Revenues of $160 million increased 2%, all organic, primarily due to the segment’s professional business.

 

  o

Reuters Events is currently holding all events virtually. Reuters Events continue to assess when in-person events can resume based on local health guidelines and feedback from customers.

Adjusted EBITDA increased 45% to $28 million, primarily due to revenue growth and benefits from 2020 cost-savings initiatives.

Global Print

Revenues decreased 9% to $143 million, a better than expected performance, driven by higher third-party revenues for printing services.

 

  o

Global Print’s full-year 2021 revenues are forecast to decline between 4% and 7%.

  o

Global Print’s second-quarter revenues are forecast to increase between 1% and 3%, as the prior-year period was negatively impacted by delayed shipments at the beginning of the COVID-19 pandemic.
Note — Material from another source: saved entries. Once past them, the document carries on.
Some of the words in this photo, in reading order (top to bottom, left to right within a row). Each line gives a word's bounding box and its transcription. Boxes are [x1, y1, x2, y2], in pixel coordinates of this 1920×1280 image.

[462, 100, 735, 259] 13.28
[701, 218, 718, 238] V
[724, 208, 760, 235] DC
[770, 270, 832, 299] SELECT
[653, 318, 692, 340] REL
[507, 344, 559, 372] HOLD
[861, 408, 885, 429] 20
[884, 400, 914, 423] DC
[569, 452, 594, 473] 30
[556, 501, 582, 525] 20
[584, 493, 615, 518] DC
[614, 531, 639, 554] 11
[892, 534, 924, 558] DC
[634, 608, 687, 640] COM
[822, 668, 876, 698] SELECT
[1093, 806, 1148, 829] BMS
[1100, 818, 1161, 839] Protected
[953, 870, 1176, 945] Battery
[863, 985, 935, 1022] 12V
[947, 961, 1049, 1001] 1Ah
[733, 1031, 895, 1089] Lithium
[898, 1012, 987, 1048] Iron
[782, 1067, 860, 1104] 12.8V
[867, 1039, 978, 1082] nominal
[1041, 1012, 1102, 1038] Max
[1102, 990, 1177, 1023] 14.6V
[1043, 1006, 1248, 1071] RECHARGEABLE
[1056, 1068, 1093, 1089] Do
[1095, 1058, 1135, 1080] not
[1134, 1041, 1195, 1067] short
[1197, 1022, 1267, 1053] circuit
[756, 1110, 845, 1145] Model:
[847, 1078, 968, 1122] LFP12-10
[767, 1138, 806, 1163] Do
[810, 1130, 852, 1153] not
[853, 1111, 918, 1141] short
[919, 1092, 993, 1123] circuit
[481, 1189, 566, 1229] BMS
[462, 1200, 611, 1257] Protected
Adjusted EBITDA decreased 9% to $57 million.

 

  o

The margin decreased from 40.5% to 39.9% due to the decline in revenues.

Corporate Costs

Corporate costs at the adjusted EBITDA level were $50 million, including $11 million of Change Program costs, compared to $33 million of Corporate costs in the prior-year period. Additional information on the Change Program is provided below.

Thomson Reuters Change Program and Outlook

In February 2021, the company announced a two-year Change Program to transition from a holding company to an operating company, and from a content provider to a content-driven technology company. The program is expected to take 24 months (2021-2022) to largely complete and is projected to require an investment of between $500 million and $600 million during the course of that time. In 2023, the company is forecast to:

 

   

Achieve organic revenue growth of 5% - 6%, including additional annual revenues of $100 million;

   

Achieve an Adjusted EBITDA margin of 38% - 40%;

   

Achieve free cash flow of $1.8 billion - $2.0 billion;

   

Achieve annual operating expense savings of $600 million, of which $200 million is expected to be reinvested in growth initiatives; and

   

Reduce capital expenditures as a percentage of revenue to between 6.0% and 6.5%.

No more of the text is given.